The sheet resistance was measured in a two-probe
configuration using a Keithley 4200 unit provided with tungsten needles.
Two silver electrodes were painted along the longest sides of each
SWCNT-PET and SWNCT-PVDF film. Sheet resistance (R_s) values were calculated taking into account the film
geometry, given by the distance between the electrodes and their length.
The homogeneity of the films and the changes caused by the immersion
treatment were evaluated by Raman spectroscopy and microscopy techniques.
Raman spectra were acquired under ambient conditions using a LabRAM
HR Raman spectrometer (Horiba Jobin-Yvon) with a laser excitation
energy of 2.33 eV (532 nm). Raman maps of 400 data points were collected
with lateral steps of 1 μm, in both X and Y directions, on rectangular areas. Microscopic characterization
was conducted in a field emission scanning electron microscope (SEM)

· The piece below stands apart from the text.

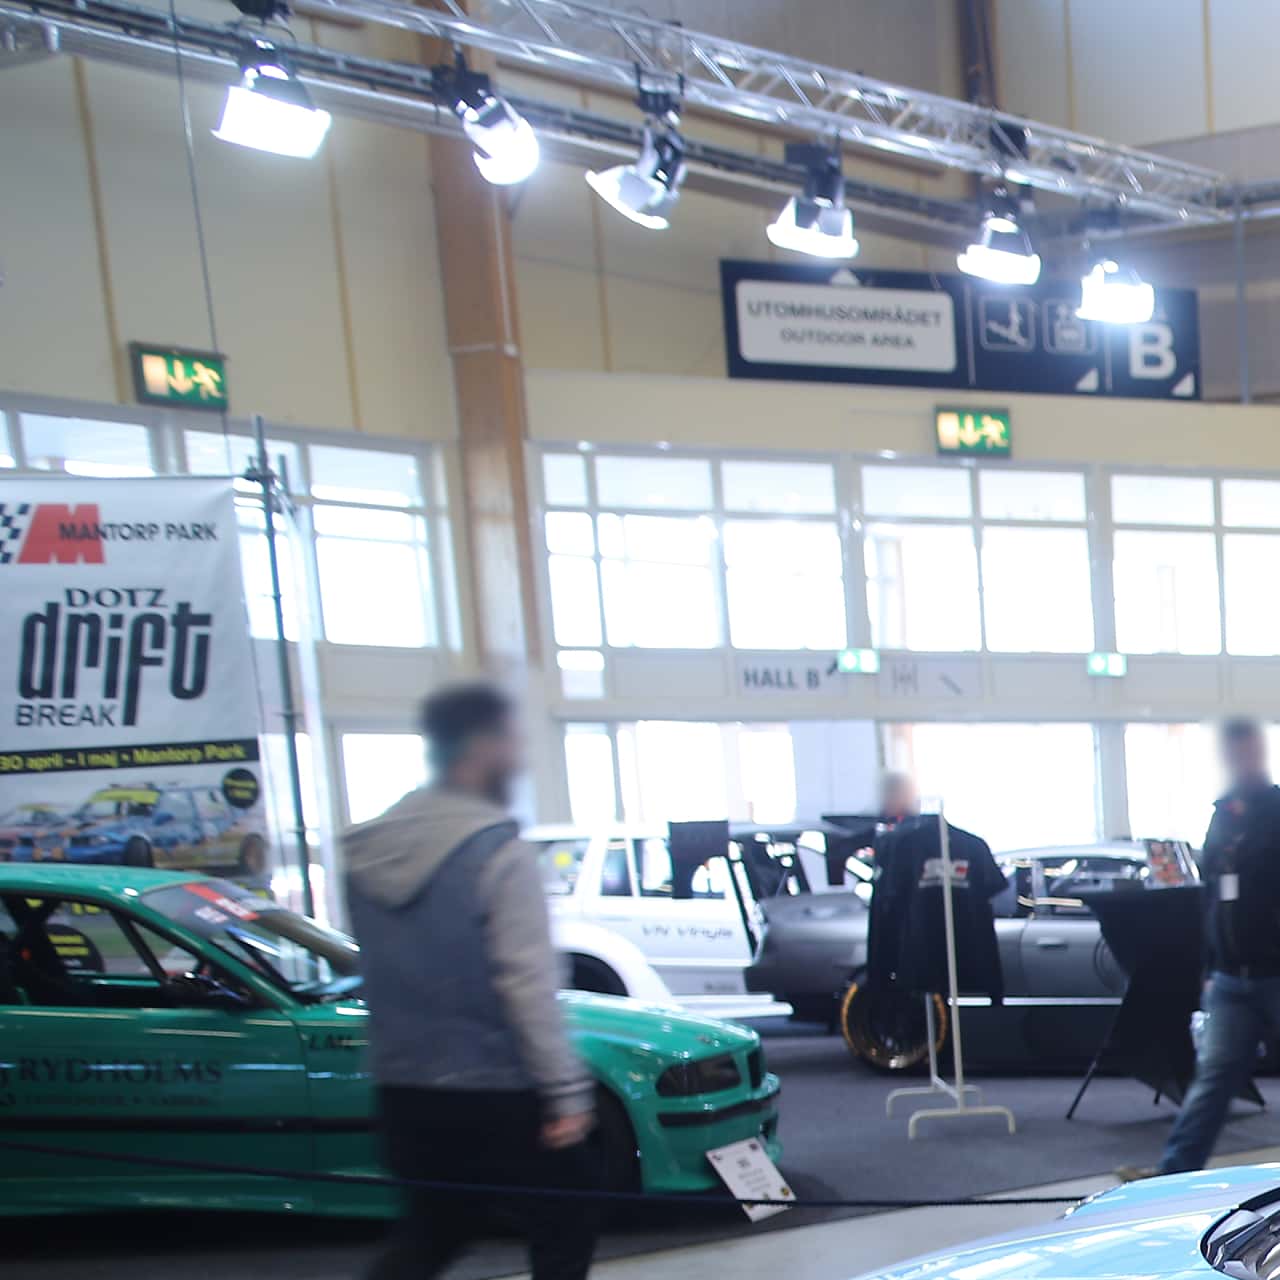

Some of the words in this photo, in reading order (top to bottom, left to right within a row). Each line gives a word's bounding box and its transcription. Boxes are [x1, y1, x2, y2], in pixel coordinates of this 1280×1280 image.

model MERLIN (Carl Zeiss, Switzerland), whereas atomic force microscopy
(AFM) measurements were carried out in Multimode SPM equipment from
Veeco Instruments (Santa Barbara, U.S.).

Santidrián A., Sanahuja O., Villacampa B., Diez J.L., Benito A.M., Maser W.K., Muñoz E, & Ansón-Casaos A. (2019). Chemical Postdeposition Treatments To Improve the Adhesion of Carbon Nanotube Films on Plastic Substrates. ACS Omega, 4(2), 2804-2811.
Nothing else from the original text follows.